In solo exhibitions at Bookstein Projects, "Interior Wilderness" (2014), "Urbanities and Ur-Beasts" (2019) and "Transformation of Place" (2021–22), Ayhens presented surrealistic landscapes collapsing nature and the built environment. These implausible works juxtaposed escalators and rivers, jungles and hotel lobbies, bestiaries and superhighways, and according to critic Jerry Saltz, "postapocalyptic narratives and prelapsarian bliss." The first show's title work (2009–10), interwove a glitzy hotel, an encroaching pond edged with reeds, rocks, frogs and tile work, and a destabilizing background of converging planes and mismatched period décor. Flecks in the Foam (2012) offered a panoramic cityscape of out-of-scale, swaying skyscrapers and tangled computer lab cables, a crashing monster wave and police cruisers, evoking a sense of rising ocean levels and overall calamity. In the latter show, Ayhens depicted a contemporary world teeming with strange creatures, as in Camelid in the City (2019), in which a prehistoric mammal perches on the banks of an acid-green East River, its yellow-orange hide echoing the glinting lights of a distant Manhattan skyline.

==Awards and collections==
Ayhens has been awarded a Guggenheim Fellowship (2006) and grants from the Adolph & Esther Gottlieb Foundation (1996), Pollock-Krasner Foundation (1998, 2001) and Joan Mitchell Foundation Foundation (2013).
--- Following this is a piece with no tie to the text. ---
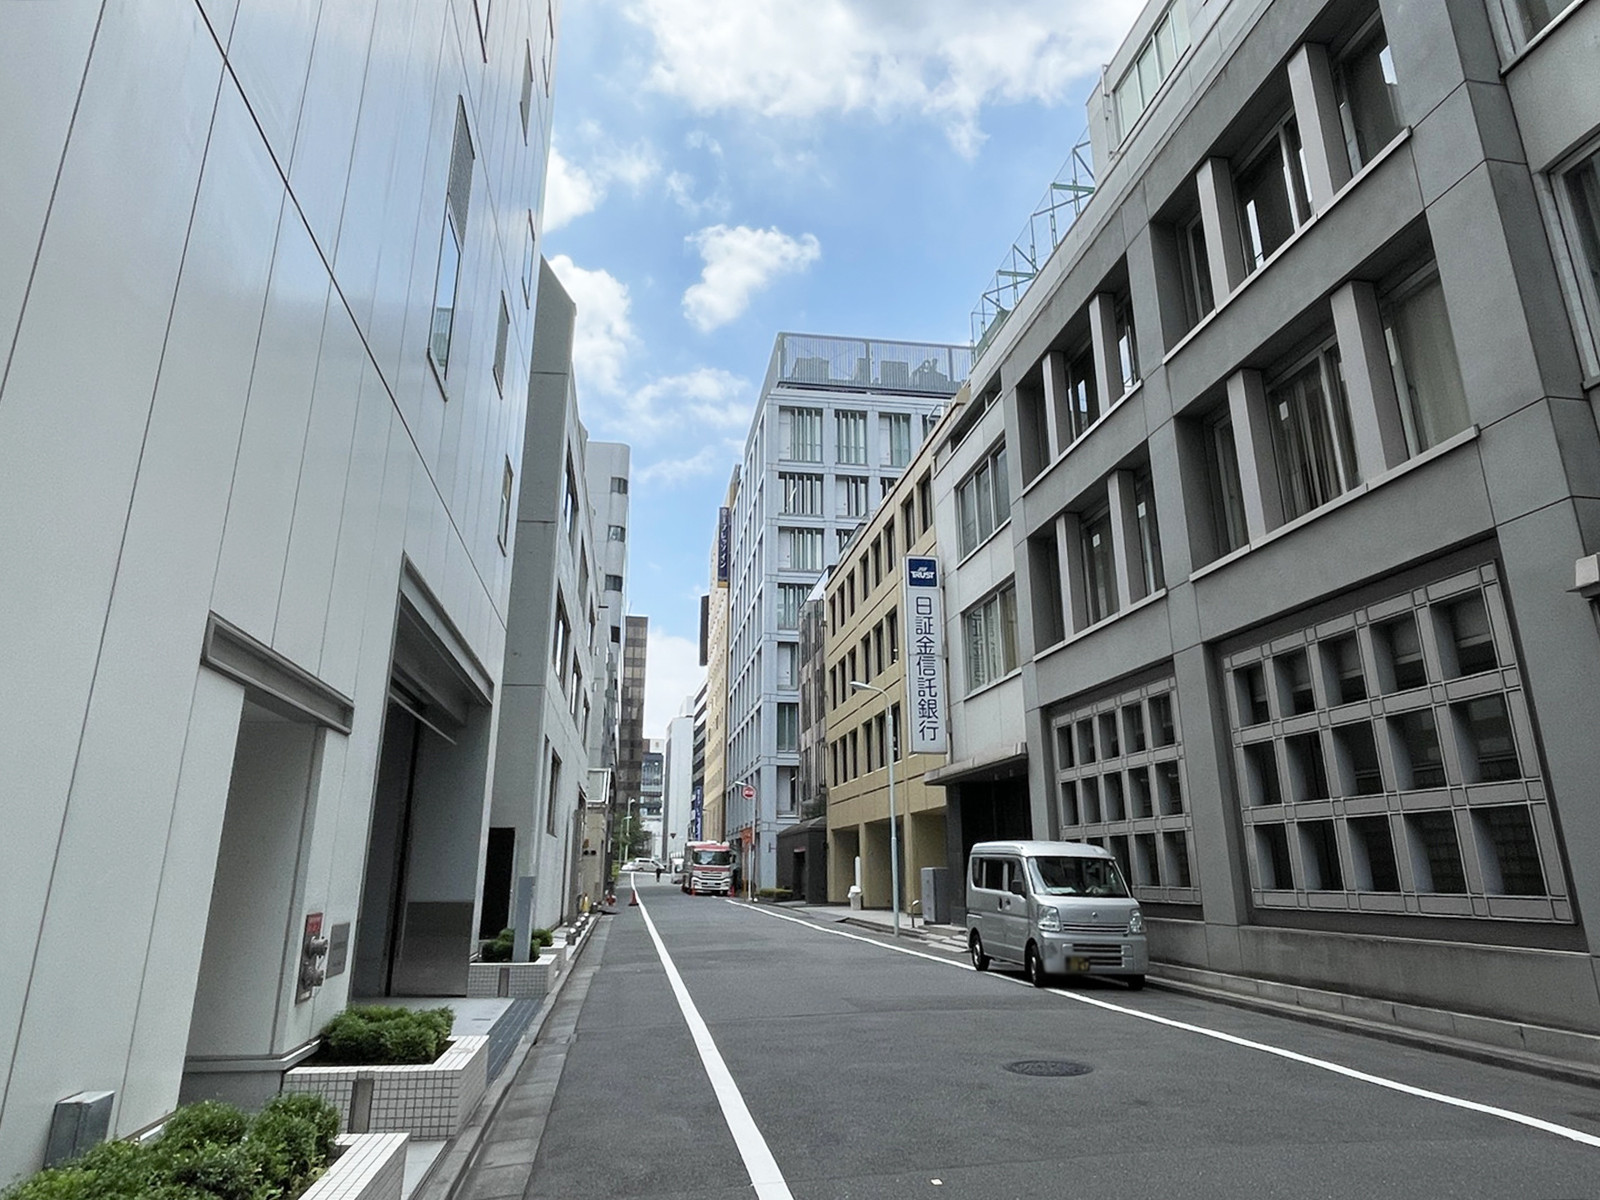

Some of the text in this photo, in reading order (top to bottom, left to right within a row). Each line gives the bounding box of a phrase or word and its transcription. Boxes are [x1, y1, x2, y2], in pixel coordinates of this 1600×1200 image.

[911, 570, 935, 579] TRUST
[915, 596, 939, 741] 日証金信託銀行
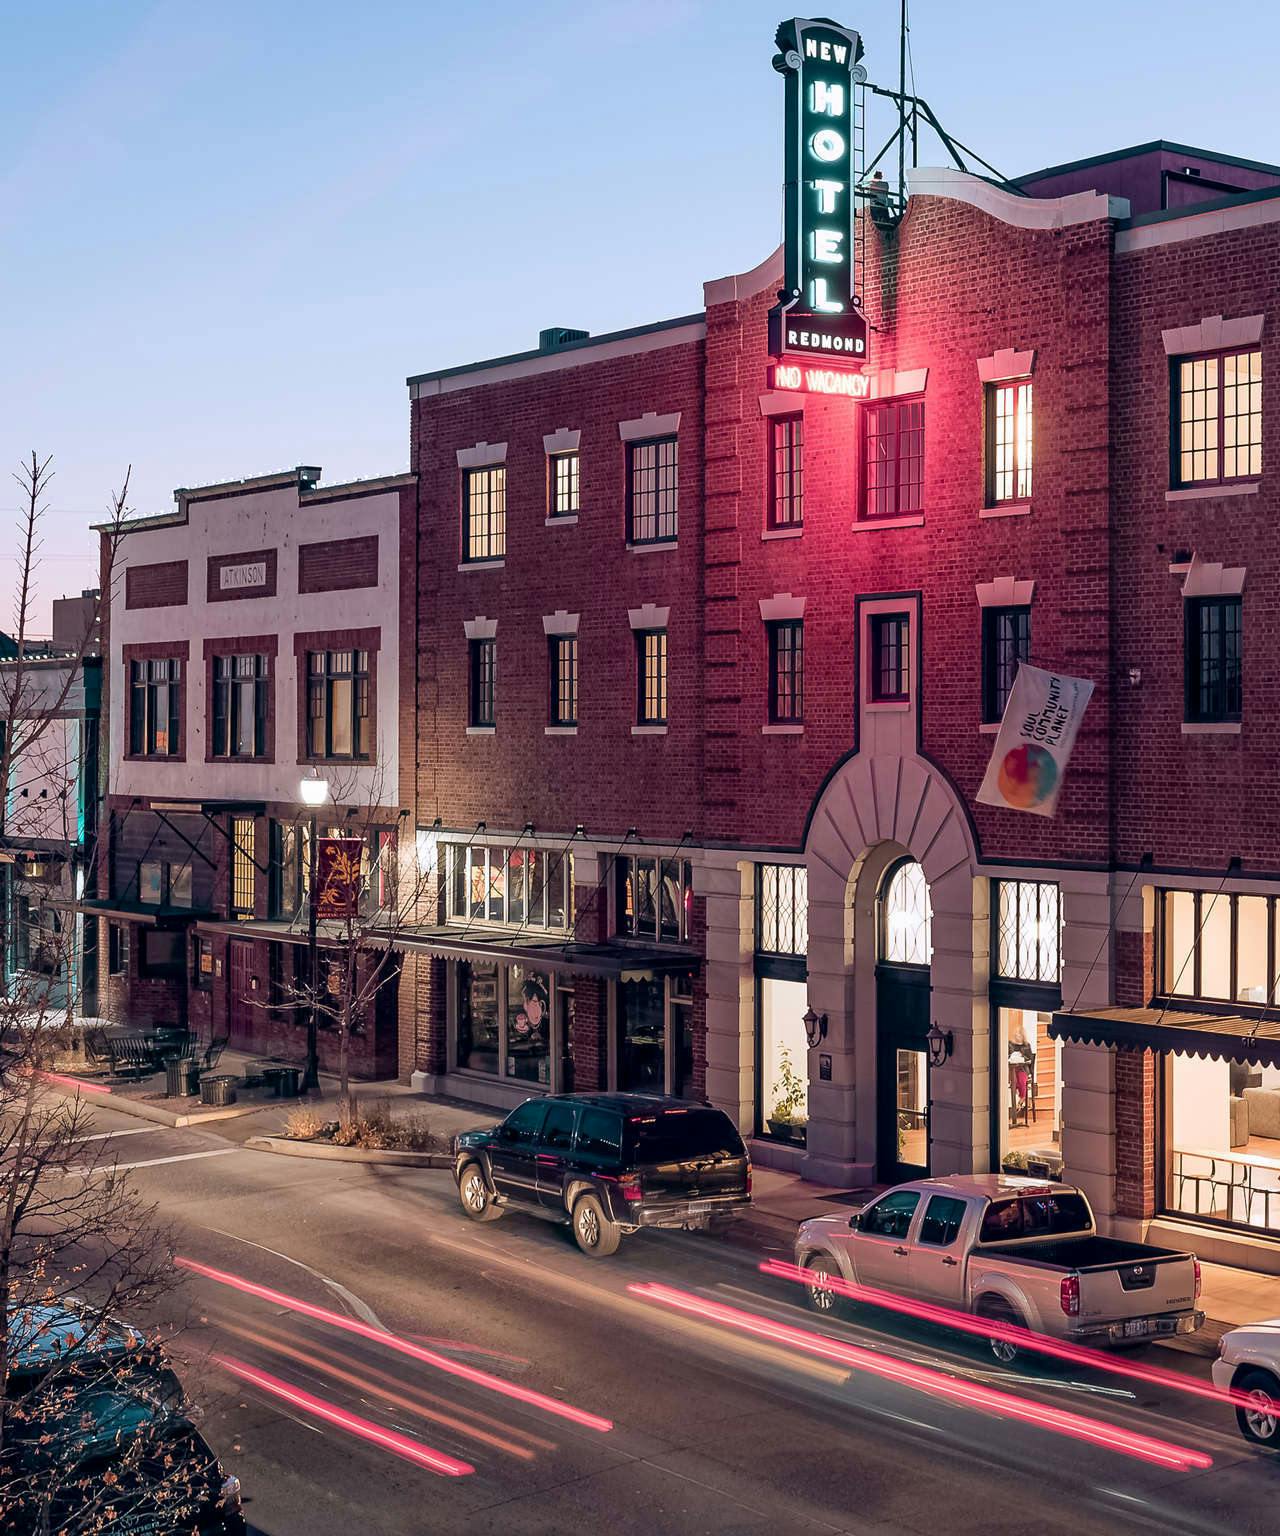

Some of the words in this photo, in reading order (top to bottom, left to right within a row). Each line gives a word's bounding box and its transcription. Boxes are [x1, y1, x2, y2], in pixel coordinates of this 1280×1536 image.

She has received artist residencies from the Joan Mitchell Center in New Orleans, Djerassi Artists Residency, Fundacion Valparaiso (Spain), Lower Manhattan Cultural Council, MacDowell Colony, Millay Arts, Roswell Artist-in-Residence (RAiR), Salzburg Kunsterhaus, Sharpe-Walentas Studio Program, Ucross Foundation, Virginia Center for the Creative Arts, and Yaddo, among others.

Her work belongs to the public museum collections of the Anderson Museum of Contemporary Art, Mills College Art Museum, MTA Arts & Design, Oakland Museum of California, Watkins Gallery at American University, the West Collection, and Whatcom Museum.